[Start of section]
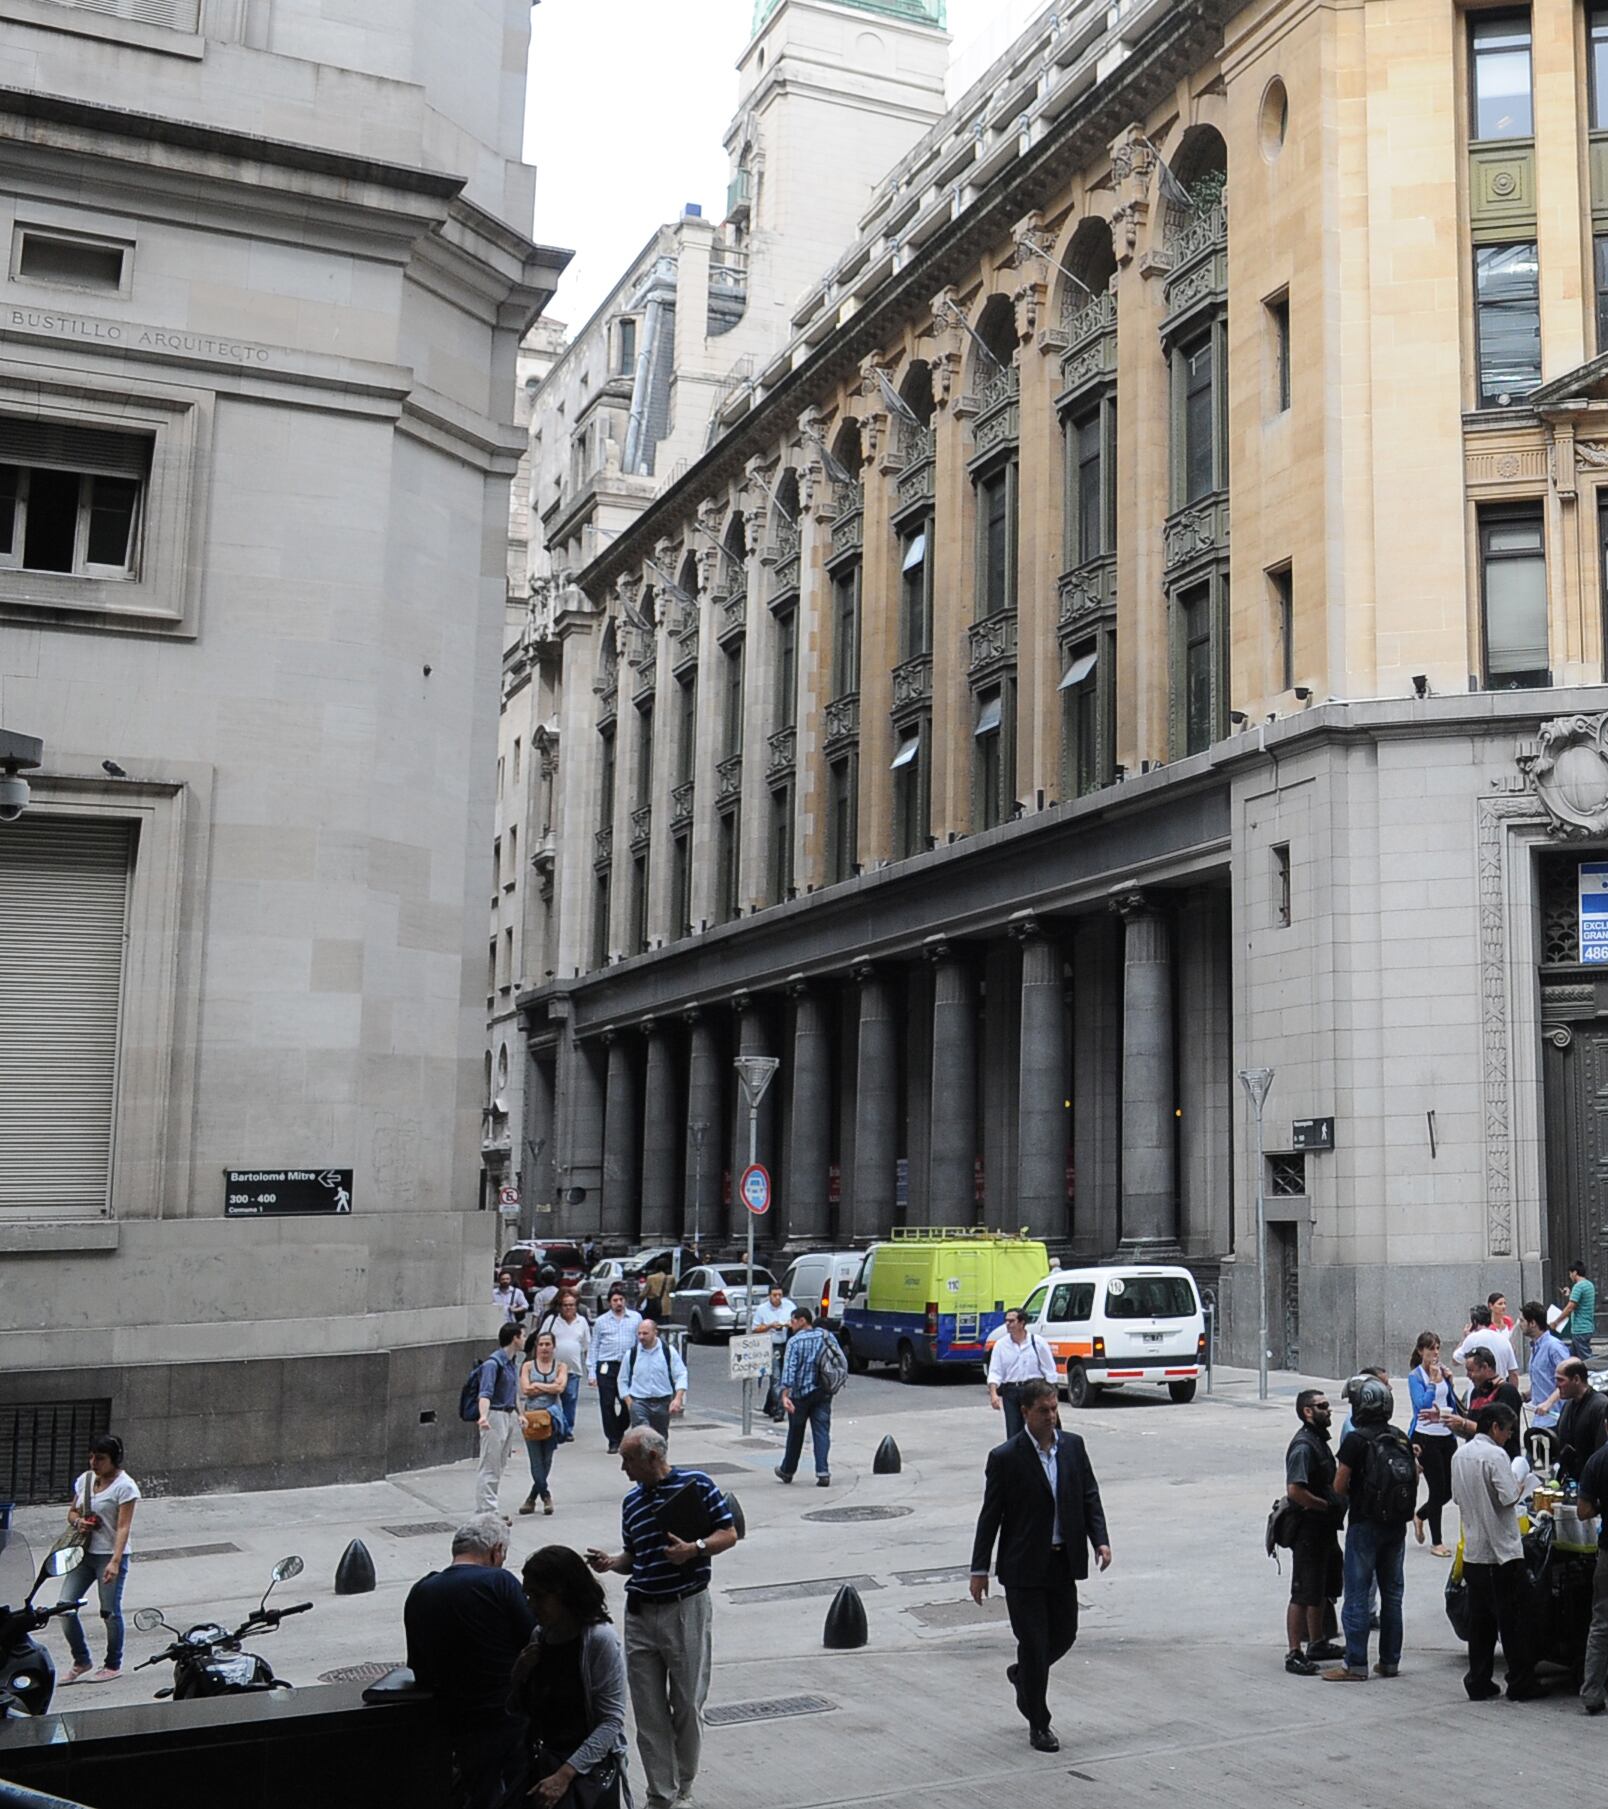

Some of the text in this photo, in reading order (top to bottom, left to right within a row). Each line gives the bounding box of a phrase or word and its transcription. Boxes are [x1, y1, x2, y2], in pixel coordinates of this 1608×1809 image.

[11, 311, 270, 362] BUSTILLO ARQUITECTO
[1584, 931, 1608, 940] GRAN
[231, 1171, 316, 1181] Bartolomé Mitre
[229, 1194, 248, 1203] 300
[257, 1193, 276, 1203] 400
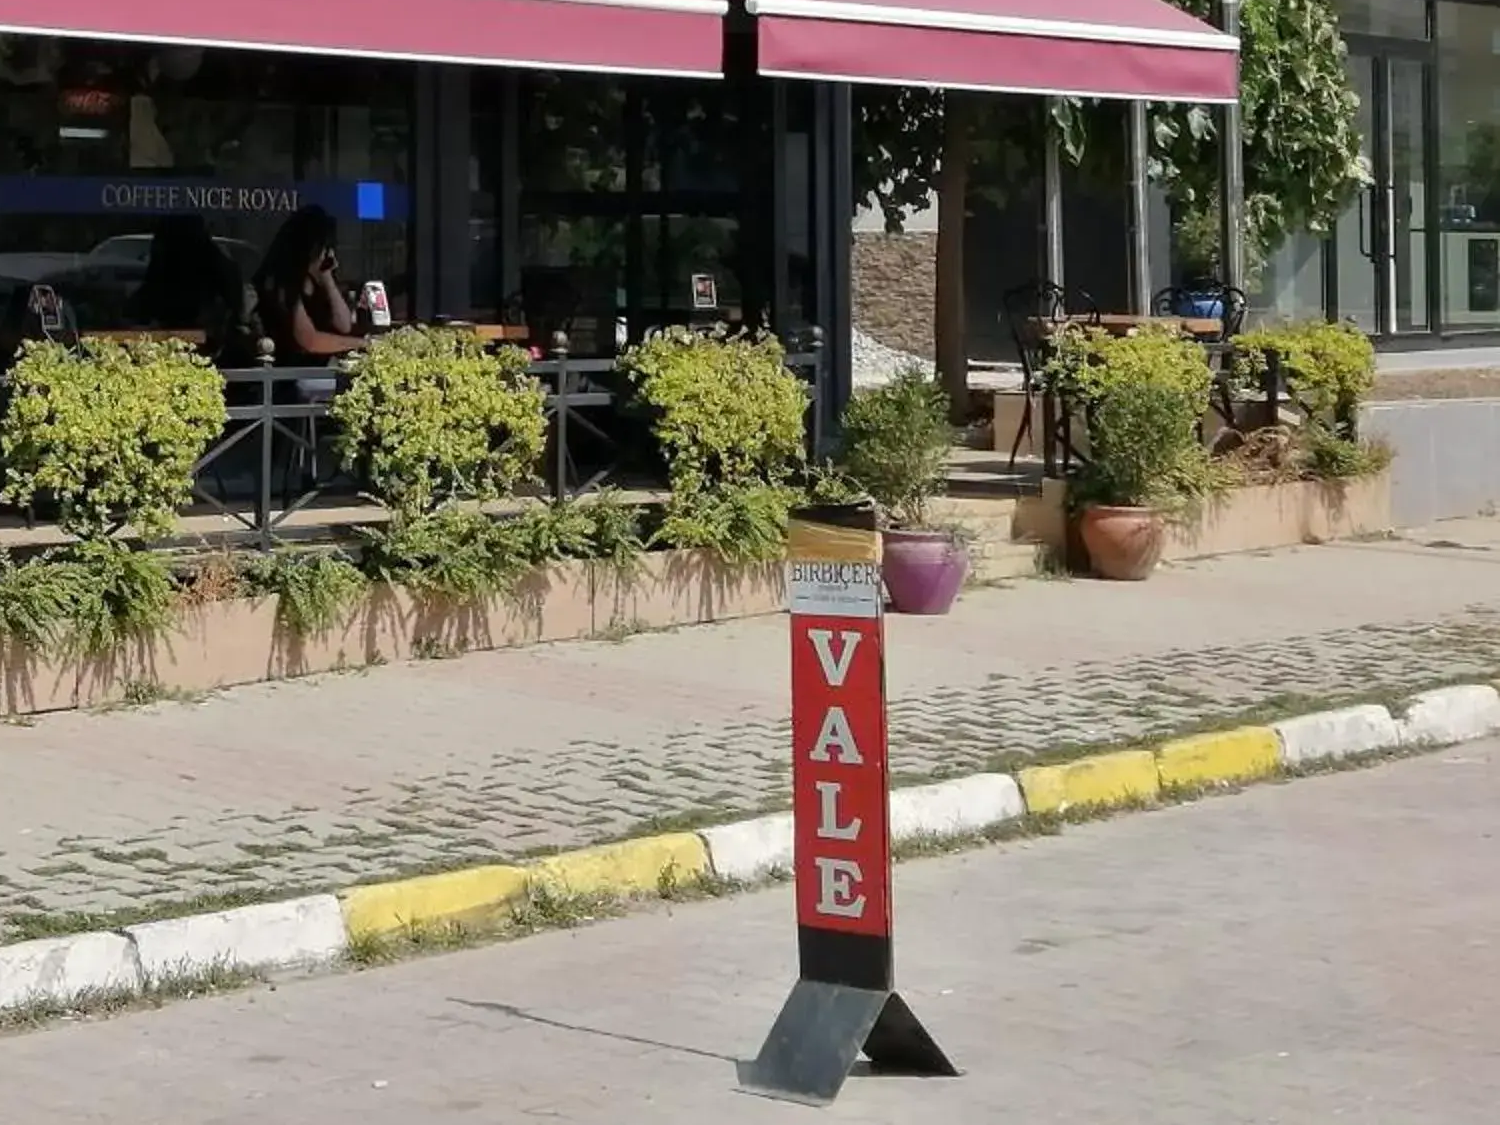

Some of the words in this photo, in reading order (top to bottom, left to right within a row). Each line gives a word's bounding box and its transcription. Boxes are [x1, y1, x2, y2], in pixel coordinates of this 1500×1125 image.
[End of section]
Every entry above should be returned exactly, with no images included.

Some of the text in this photo, in reading order (top to bottom, left to right within a row). Each line gives the bounding box of a phrase or word and its transcription. Boxes are [x1, y1, x2, y2], in pixel coordinates of this 1608×1809 image.

[11, 311, 270, 362] BUSTILLO ARQUITECTO
[1584, 931, 1608, 940] GRAN
[231, 1171, 316, 1181] Bartolomé Mitre
[229, 1194, 248, 1203] 300
[257, 1193, 276, 1203] 400

Some of the words in this photo, in reading order (top to bottom, left to right within a row). Each line gives a word's bounding box and its transcription. Boxes are [x1, y1, x2, y2], in pixel coordinates of this 1500×1125 image.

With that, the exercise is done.